Brasília, a ilha da fantasia, da mordomia, da hipocrisia, agora, pela mediocridade, é da não hierarquia

Arruda já era uma concessão ou uma agressão à ética, por causa do passado. Violou o painel do Senado, ia ser cassado, renunciou. Refez a caminhada, deputado, governador, já começava a se “sentir” reeeleito.

Aí surgiu dentro dele mesmo, a idéia da nova violação, não do painel, mas da ética, da dignidade, dos dinheiros públicos. Perdeu a segunda chance, não terá a terceira.

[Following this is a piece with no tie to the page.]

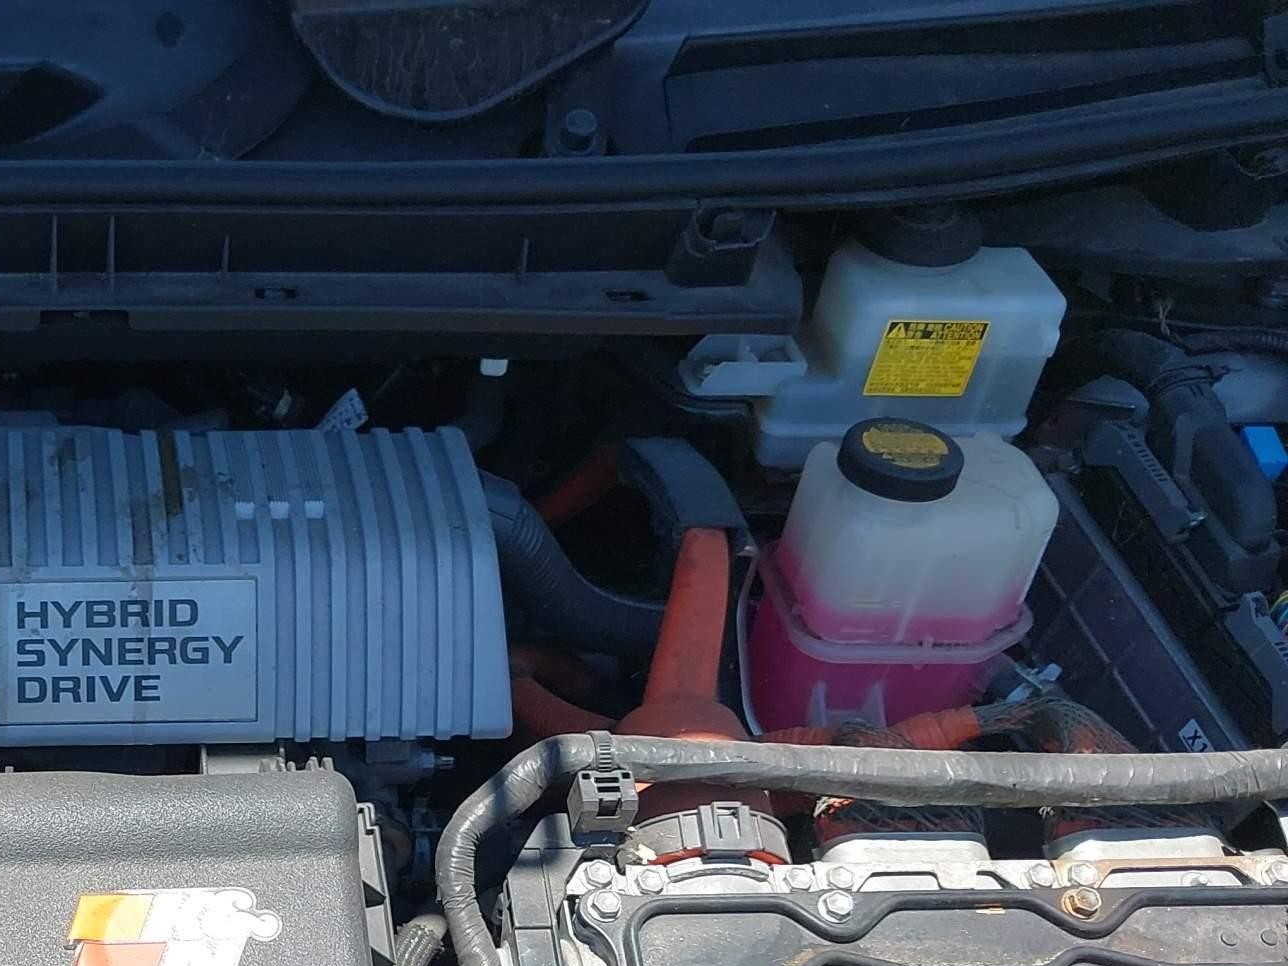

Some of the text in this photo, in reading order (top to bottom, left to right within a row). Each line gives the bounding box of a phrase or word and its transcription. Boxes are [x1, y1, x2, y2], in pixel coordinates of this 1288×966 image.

Mas abriu chance para o mais desolador e desagregador lote de “candidatos”, que já trabalham para se elegerem. O mais insistente é Joaquim ARRUDA Roriz. Assumindo como senador, renunciou a 7 meses e meio de mandato para não ser cassado. Alguma semelhança com Arruda?

Esse Roriz já fez acordos e combinações para ser o sucessor de Arruda. Dinheiro não falta, e ingenuidade dos eleitores também. Estarrecedor. Mas ainda pior, se é que citando esses nomes podemos situar o pior.

Joaquim ARRUDA Roriz terá que disputar com seu antigo suplente para quem deixou o mandato inteiro. E enquanto o ex-governador (muitas vezes) arrisca tudo, o suplente em exercício não arrisca nada. O mandato que “herdou” do próprio Roriz vai até 2014.

Assim, se ganhar, vira governador. Se perder, fica com o mandato do próprio Roriz, pode até fazer oposição a ele. Não, isso não.

Como esse “senador” começou como vendedor de automóveis, podem fazer a ele a pergunta que faziam a Nixon, quando foi candidato a presidente pela primeira vez e perdeu: “Você compraria um carro usado desse homem?”.